Mais vendredi matin j’ai reçu un coup de téléphone du professeur Willy ROZENBAUM, président du COREVIH Paris Est pour m’expliquer pourquoi il me serait impossible d’intervenir « en raison de mon opposition connue à la PrEP ». Surpris (estomaqué en fait !) j’ai conversé une vingtaine de minutes (Willy ROZENBAUM est toujours charmant, et je reconnais qu’il était très correct de sa part de m’appeler lui-même pour m’avertir). Comment un professeur aussi emblématique que lui pouvait pratiquer une telle censure ? En se basant sur quelle analyse ? Et surtout dans quel intérêt ? L’oukase ne viendrait pas directement de lui mais des associations partenaires (Arcat, Actions traitements et Aides ?) qui ont protesté et obtenu mon exclusion. Mais il reste d’accord sur le fond : on ne peut pas inviter un opposant à la PrEP dans son COREVIH coordinateur des actions en faveur de la PrEP. Bonjour l’ambiance ! Est-ce ainsi que la science progresse ?

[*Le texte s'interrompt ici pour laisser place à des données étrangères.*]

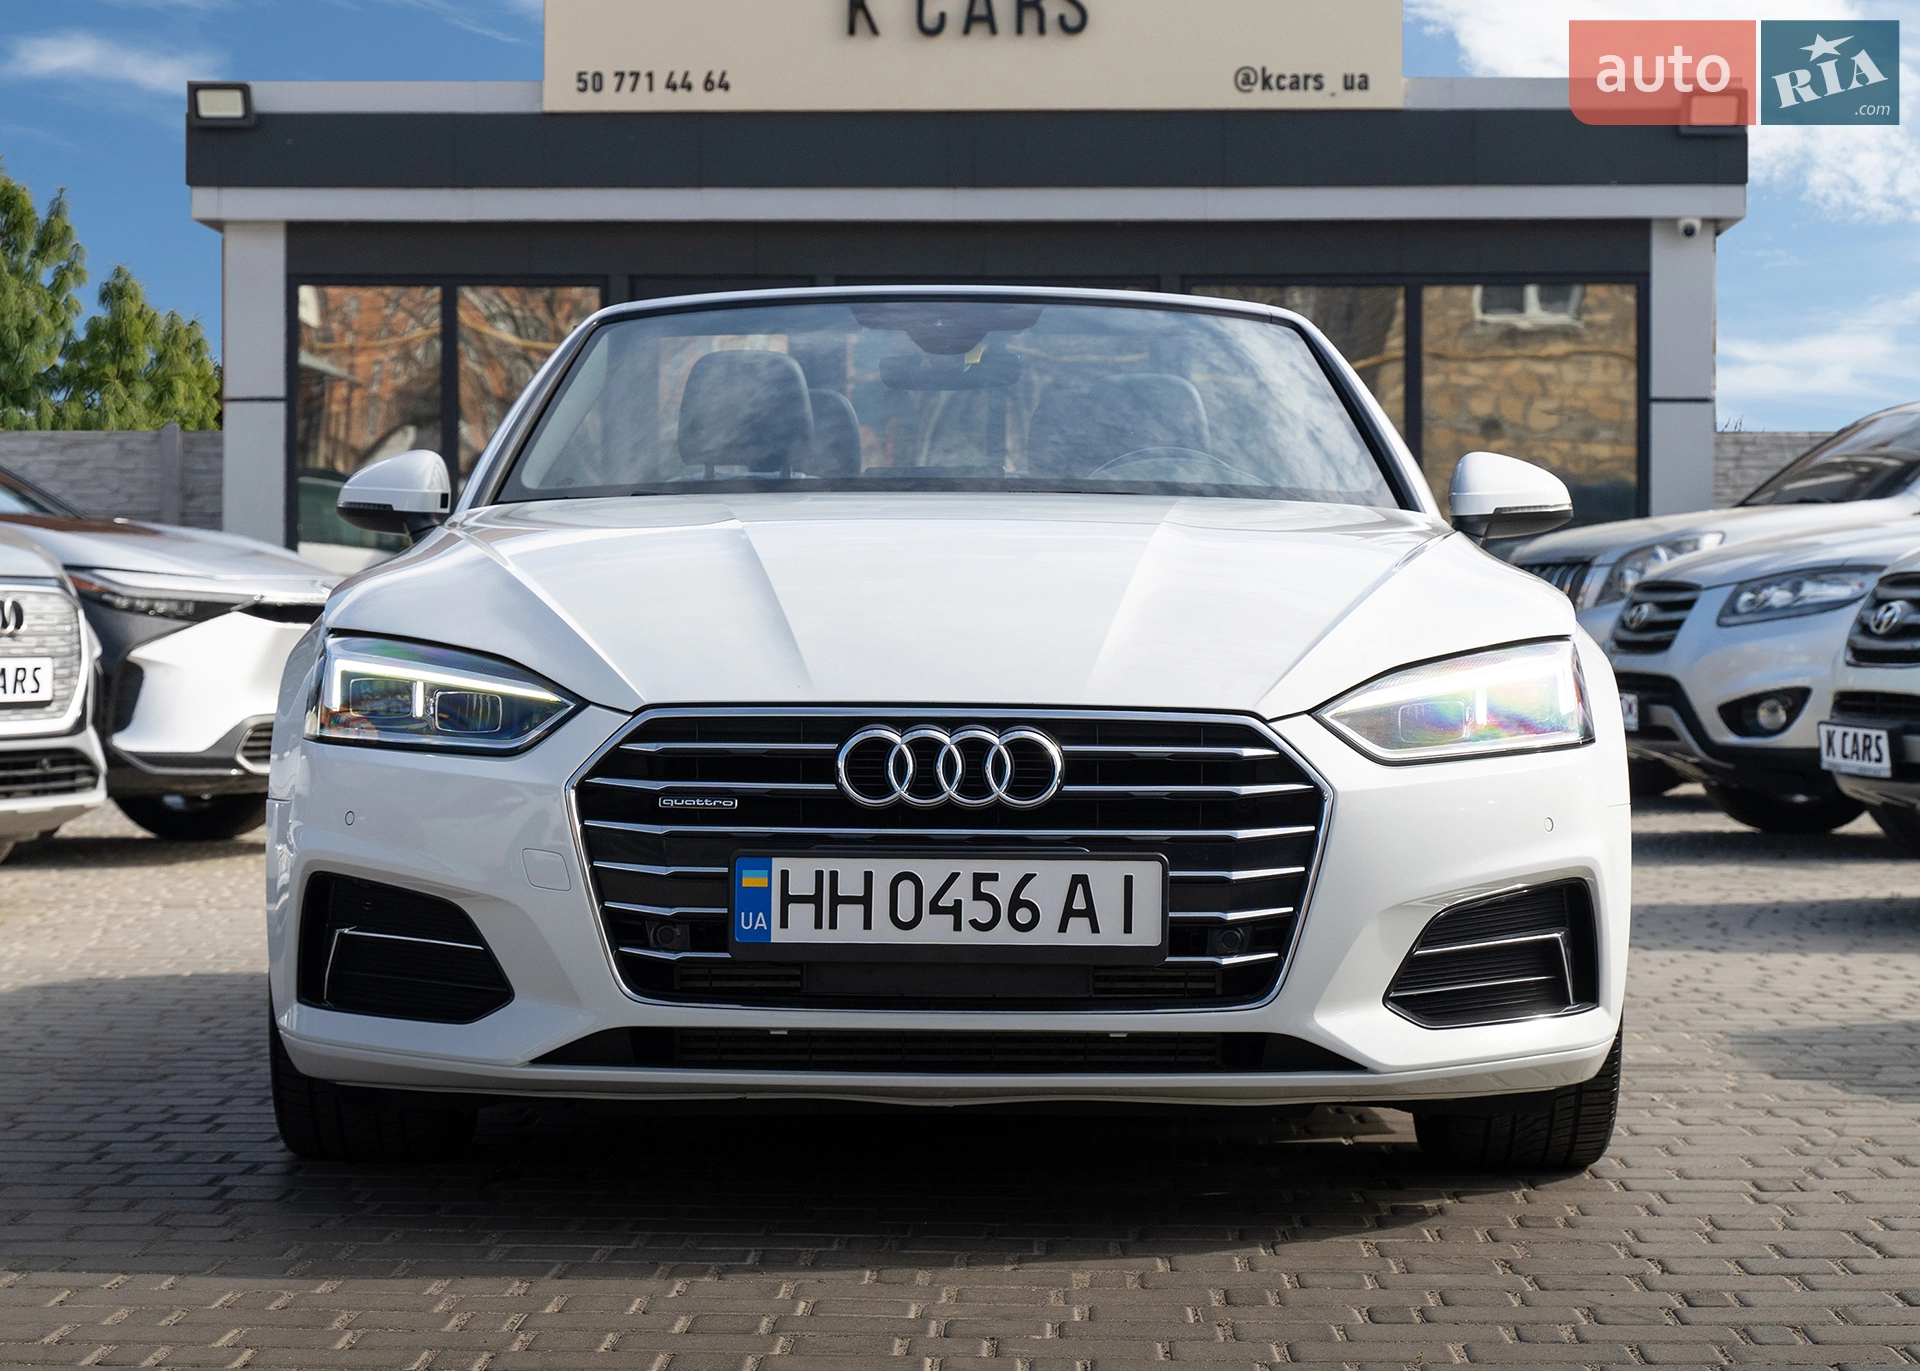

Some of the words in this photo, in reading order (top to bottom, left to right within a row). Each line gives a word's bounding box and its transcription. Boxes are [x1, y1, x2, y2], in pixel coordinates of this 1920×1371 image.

Ma consolation est de me sentir très motivé pour mettre au clair tout ce que j’ai envie de raconter sur la prévention des IST. La sidacratie s’est bâtie un dogme et annonce à grand coups de communication « la fin du sida », manque de chance il y a eu la COVID, il y a la transition climatique, et l’éco-système sexuel des gays vacille : surmédicalisation, chemsex et toujours des IST (jusqu’à cette curieuse variole du singe qui surgit quand on ne l’attend pas). Comme pour le climat, il est peut-être temps de changer nos pratiques et de faire évoluer notre culture sexuelle héritée des années 70. Mais pour cela il faut commencer par accepter de dialoguer.